Стародум. А тут? Возможно ль сказать, чтоб лисица сия была от вороны зависима либо выпрашивала у нее подаяния? Нет! И совсем напротив того: оная лисица потешается над сущеглупой птицею; она – господин положения, и сами слова ее, восхваляющие воронью красу, суть ничто иное, как слова издевательские.
Уотсон. Какое тонкое замечание! Вы слышите, Холмс?

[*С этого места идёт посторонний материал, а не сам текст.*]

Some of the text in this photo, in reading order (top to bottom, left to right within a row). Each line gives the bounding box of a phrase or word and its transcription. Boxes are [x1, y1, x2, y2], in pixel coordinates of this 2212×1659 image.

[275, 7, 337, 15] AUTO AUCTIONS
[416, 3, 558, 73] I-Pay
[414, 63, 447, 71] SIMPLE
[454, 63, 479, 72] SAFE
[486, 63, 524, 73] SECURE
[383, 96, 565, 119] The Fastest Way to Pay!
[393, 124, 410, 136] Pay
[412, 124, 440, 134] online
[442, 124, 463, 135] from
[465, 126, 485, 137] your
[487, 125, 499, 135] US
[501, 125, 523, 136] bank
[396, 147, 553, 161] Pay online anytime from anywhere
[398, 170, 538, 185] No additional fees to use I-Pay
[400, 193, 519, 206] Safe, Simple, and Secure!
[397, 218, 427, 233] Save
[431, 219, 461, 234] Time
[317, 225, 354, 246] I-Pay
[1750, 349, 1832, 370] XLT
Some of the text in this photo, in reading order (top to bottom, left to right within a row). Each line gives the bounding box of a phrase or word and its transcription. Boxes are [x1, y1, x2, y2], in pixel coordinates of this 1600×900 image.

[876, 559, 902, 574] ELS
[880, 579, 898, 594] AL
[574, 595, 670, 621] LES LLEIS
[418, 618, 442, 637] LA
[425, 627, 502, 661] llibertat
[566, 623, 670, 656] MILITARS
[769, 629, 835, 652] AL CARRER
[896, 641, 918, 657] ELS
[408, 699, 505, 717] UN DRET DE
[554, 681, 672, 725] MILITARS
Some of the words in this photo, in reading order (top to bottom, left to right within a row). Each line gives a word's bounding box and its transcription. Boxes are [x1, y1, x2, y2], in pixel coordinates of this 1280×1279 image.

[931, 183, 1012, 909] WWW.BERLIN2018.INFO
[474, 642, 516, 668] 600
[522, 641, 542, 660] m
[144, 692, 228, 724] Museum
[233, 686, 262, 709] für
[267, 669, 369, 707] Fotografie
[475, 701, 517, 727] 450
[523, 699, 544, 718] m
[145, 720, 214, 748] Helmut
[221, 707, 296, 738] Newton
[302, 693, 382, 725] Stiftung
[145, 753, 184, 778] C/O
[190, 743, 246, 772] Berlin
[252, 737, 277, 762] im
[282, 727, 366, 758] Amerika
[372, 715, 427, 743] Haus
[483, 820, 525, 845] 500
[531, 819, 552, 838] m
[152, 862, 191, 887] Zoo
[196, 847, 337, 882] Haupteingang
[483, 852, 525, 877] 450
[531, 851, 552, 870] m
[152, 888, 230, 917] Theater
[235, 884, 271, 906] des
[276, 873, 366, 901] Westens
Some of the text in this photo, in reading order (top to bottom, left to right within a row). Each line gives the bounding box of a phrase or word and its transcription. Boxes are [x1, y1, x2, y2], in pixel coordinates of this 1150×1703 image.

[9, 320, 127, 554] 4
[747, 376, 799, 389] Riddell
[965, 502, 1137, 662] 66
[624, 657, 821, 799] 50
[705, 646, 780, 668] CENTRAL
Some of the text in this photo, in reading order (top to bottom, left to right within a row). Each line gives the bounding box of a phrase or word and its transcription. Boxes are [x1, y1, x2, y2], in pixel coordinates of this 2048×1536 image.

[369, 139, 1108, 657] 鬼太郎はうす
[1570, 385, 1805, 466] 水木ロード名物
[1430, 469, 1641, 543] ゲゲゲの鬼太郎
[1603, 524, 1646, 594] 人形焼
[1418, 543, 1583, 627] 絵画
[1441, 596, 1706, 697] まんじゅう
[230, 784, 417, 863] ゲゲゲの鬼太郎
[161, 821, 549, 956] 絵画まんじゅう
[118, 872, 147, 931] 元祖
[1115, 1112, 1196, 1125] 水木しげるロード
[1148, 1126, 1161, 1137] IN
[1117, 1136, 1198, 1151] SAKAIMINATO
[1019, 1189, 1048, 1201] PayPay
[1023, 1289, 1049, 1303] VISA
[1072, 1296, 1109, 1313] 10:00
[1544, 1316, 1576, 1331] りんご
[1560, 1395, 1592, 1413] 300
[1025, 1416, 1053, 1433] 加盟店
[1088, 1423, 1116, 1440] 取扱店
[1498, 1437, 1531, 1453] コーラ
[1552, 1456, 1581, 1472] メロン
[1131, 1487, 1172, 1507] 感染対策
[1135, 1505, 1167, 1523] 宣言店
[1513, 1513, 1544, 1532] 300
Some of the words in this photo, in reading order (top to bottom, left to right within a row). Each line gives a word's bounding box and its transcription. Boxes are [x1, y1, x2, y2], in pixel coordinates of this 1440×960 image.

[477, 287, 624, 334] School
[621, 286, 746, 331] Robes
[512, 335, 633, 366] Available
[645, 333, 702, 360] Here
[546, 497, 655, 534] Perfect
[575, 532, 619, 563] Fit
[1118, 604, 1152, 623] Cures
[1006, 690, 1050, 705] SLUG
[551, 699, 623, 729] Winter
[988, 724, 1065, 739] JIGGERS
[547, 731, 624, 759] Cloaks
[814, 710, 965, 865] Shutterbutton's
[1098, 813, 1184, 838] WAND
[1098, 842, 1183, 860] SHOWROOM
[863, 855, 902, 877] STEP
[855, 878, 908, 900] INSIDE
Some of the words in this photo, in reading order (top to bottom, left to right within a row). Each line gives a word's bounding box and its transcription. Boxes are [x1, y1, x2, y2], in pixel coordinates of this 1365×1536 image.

Холмс. Слышу, Уотсон. И даже могу добавить, что, очень возможно, Иван Андреевич Крылов не стал бы с этим спорить. Во всяком случае, есть свидетельство современника, что он однажды сравнил с этой лисицей себя самого... Вы удивлены? Но так было. Видите ли, в то время жил один весьма скверный стихотворец, граф Хвостов, человек богатый и недалекий. Так вот, Крылов рассказывал, посмеиваясь, что иной раз покорно слушает стихи, которые обрушивает на него жаждущий похвал граф, похваливает их, а затем одалживает у разомлевшего графа деньги взаймы, – Крылов вечно в них нуждался...
Уотсон. Погодите! Значит, он одобряет действия своей лисицы?
Холмс. Нет. Но по крайней мере, если бы он стоял, так сказать, на стороне вороны, это сравнение вряд ли пришло бы ему в голову.
Стародум. Всеконечно бы не пришло! А коли в начале своей басни сочинитель объявляет Лисицыны деяния гнусными и вредными, после же смеется более над вороною, нежели над лисицею, что из сего заключить можно? Токмо то, что ему не удалось свести концы с концами и, стало, согласить мораль свою с самой рассказанною историей. Более! Мы видим воочию, что ворона наказана справедливо и по заслугам ее; лисица ж сумела весьма затейливо ее проучить...
Уотсон(он в восхищении). А, Холмс? Каково? Правда, не стану скрывать: я, разумеется, не сумел бы быть таким логичным, но ведь в сущности я был прав! Расследование тут попросту ни к чему. Для него, повторяю, нет сколько-нибудь серьезного повода!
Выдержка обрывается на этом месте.